Chocolatebuttonns · 28/02/2024 14:33

I was both and I can tell you being a step child did not give me any insight into be a step parent because the circumstances are wildly wildly different!

Almost as if people are individuals 😉

Cheeseismyfavourite · 28/02/2024 19:04

Covid was a perfect example of how stepmums live in a parallel universe. Over on the main boards you were wrong for waving your little toe outside your front door, there was a post that deemed milk not important enough to leave the house for and you could use powdered custard in your cup of tea instead (barf)
Meanwhile over in stepmother land, you must take your stepchildren while they are posting positive with covid even if you are vulnerable/in contact with vulnerable people/have a newborn because it’s “stepchildren’s house too”

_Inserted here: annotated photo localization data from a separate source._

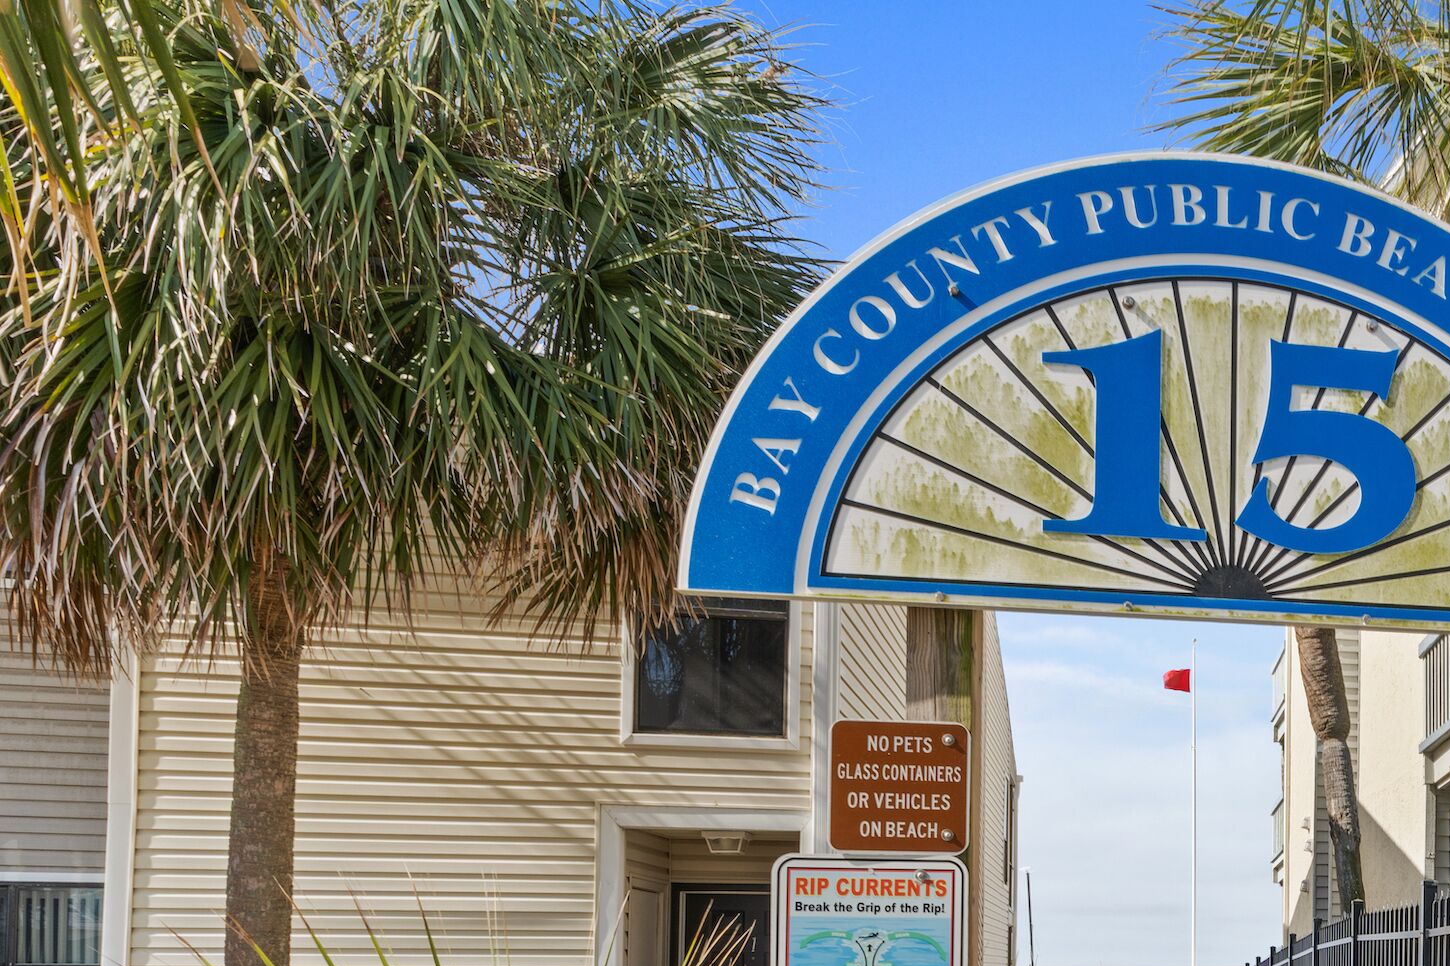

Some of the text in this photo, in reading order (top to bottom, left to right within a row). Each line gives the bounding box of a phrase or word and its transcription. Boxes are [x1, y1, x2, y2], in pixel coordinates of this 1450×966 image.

[730, 377, 822, 517] BAY
[813, 201, 1058, 376] COUNTY
[1076, 183, 1321, 241] PUBLIC
[1042, 329, 1417, 555] 15
[867, 735, 933, 753] NO PETS
[837, 763, 962, 783] GLASS CONTAINERS
[847, 792, 951, 811] OR VEHICLES
[860, 821, 938, 838] ON BEACH
[795, 877, 948, 897] RIP CURRENTS
[795, 902, 945, 916] Break the Grip of the Rip!

ClutchingOurBananas · 28/02/2024 19:24

Prydddan · 28/02/2024 15:00

Almost as if people are individuals 😉

It’s not even that.

It’s actually that you simply don’t have the full context so you actually don’t understand what’s going on.

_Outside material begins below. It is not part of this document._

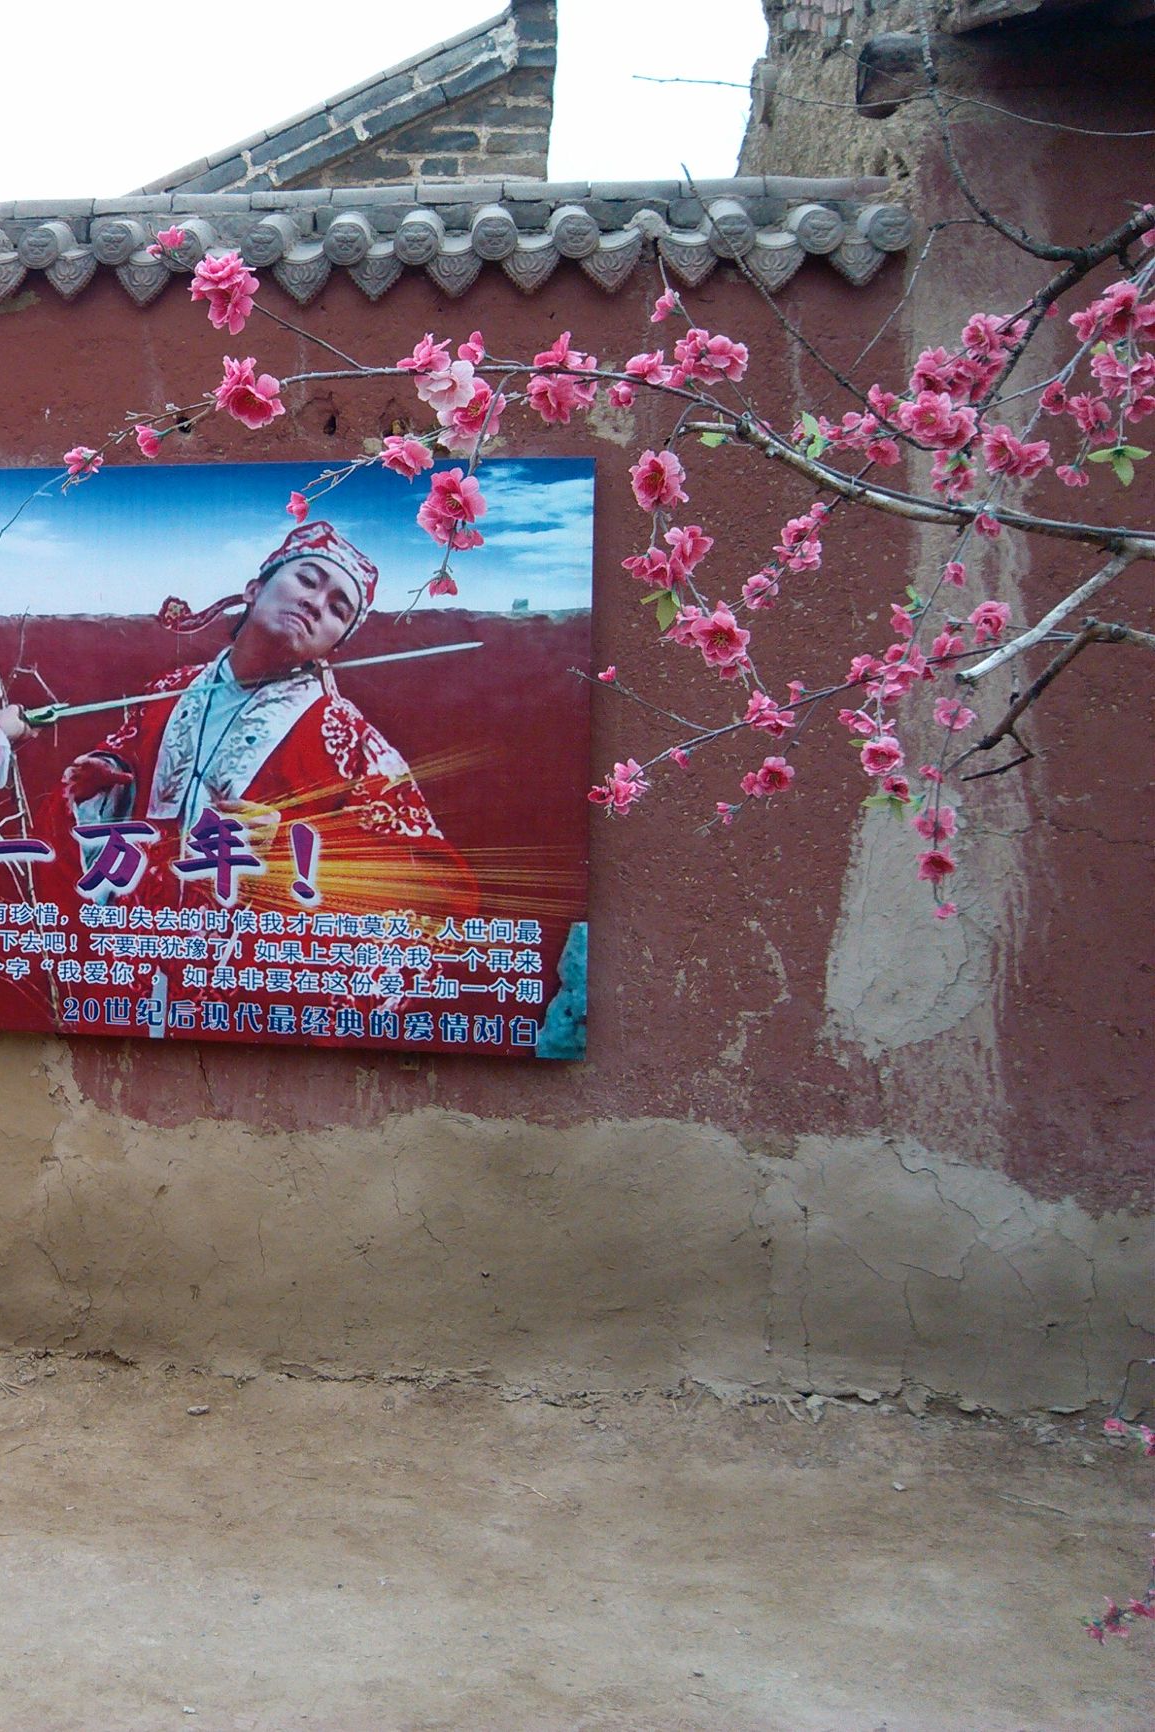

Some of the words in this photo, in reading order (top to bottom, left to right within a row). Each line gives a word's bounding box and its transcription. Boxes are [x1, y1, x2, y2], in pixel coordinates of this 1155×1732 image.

[62, 996, 539, 1047] 20世纪后现代最经典的爱情对白

I’m a stepchild. I can now look back at my teenage years and recognise that I really didn’t understand the dynamic at all. Looking back, I actually admire my SM for holding her boundaries and not taking on the responsibilities my dad failed so miserably with. When I was 14, I really did have a totally skewed view of the situation.

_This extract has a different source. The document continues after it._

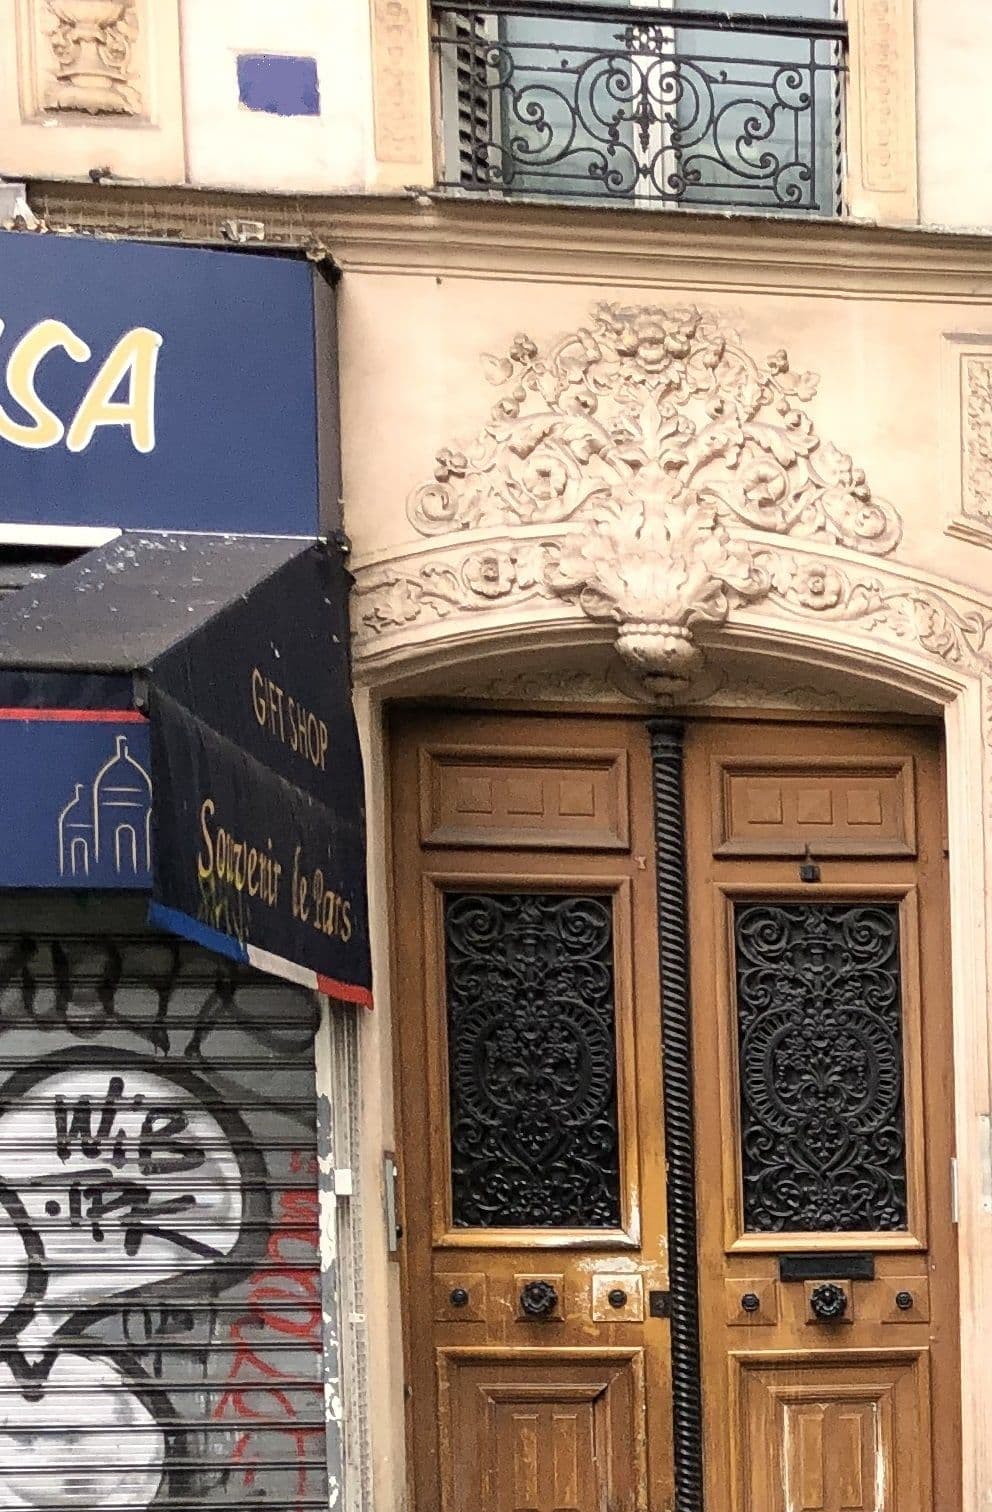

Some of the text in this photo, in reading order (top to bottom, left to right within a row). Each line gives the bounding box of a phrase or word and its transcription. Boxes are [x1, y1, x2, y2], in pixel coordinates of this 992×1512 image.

[0, 319, 163, 452] SA
[252, 667, 328, 771] GIFT SHOP
[198, 798, 281, 908] Souvenir

ClutchingOurBananas · 28/02/2024 19:32

Cheeseismyfavourite · 28/02/2024 19:04

Covid was a perfect example of how stepmums live in a parallel universe. Over on the main boards you were wrong for waving your little toe outside your front door, there was a post that deemed milk not important enough to leave the house for and you could use powdered custard in your cup of tea instead (barf)
Meanwhile over in stepmother land, you must take your stepchildren while they are posting positive with covid even if you are vulnerable/in contact with vulnerable people/have a newborn because it’s “stepchildren’s house too”

Yes. I had that shit.

It - and his general approach to things like that - was a very big contributor to STBXH becoming exH.

Although there was a moment, about a week after we got married, where he said ‘well you’re their stepmother now so that means you have to look after them for me’ where I realised that I’d made a really horrible mistake and that he actually did believe I’d signed up to being nanny/housekeeper/general scapegoat.

I think the argument was about the fact his ex had decided that she was going to drop the SC off mid-afternoon (because that was more convenient to her) and he was still working. So he’d decided that it was my job to just be childcare for them both without any consultation. I was on maternity leave - but still covering my half of the bills etc. if I’d posted on MN about if I have no doubt that I’d be told that he was right and I was evil.

Toooldtoworry · 28/02/2024 20:11

@ClutchingOurBananas I'd have told you to leave.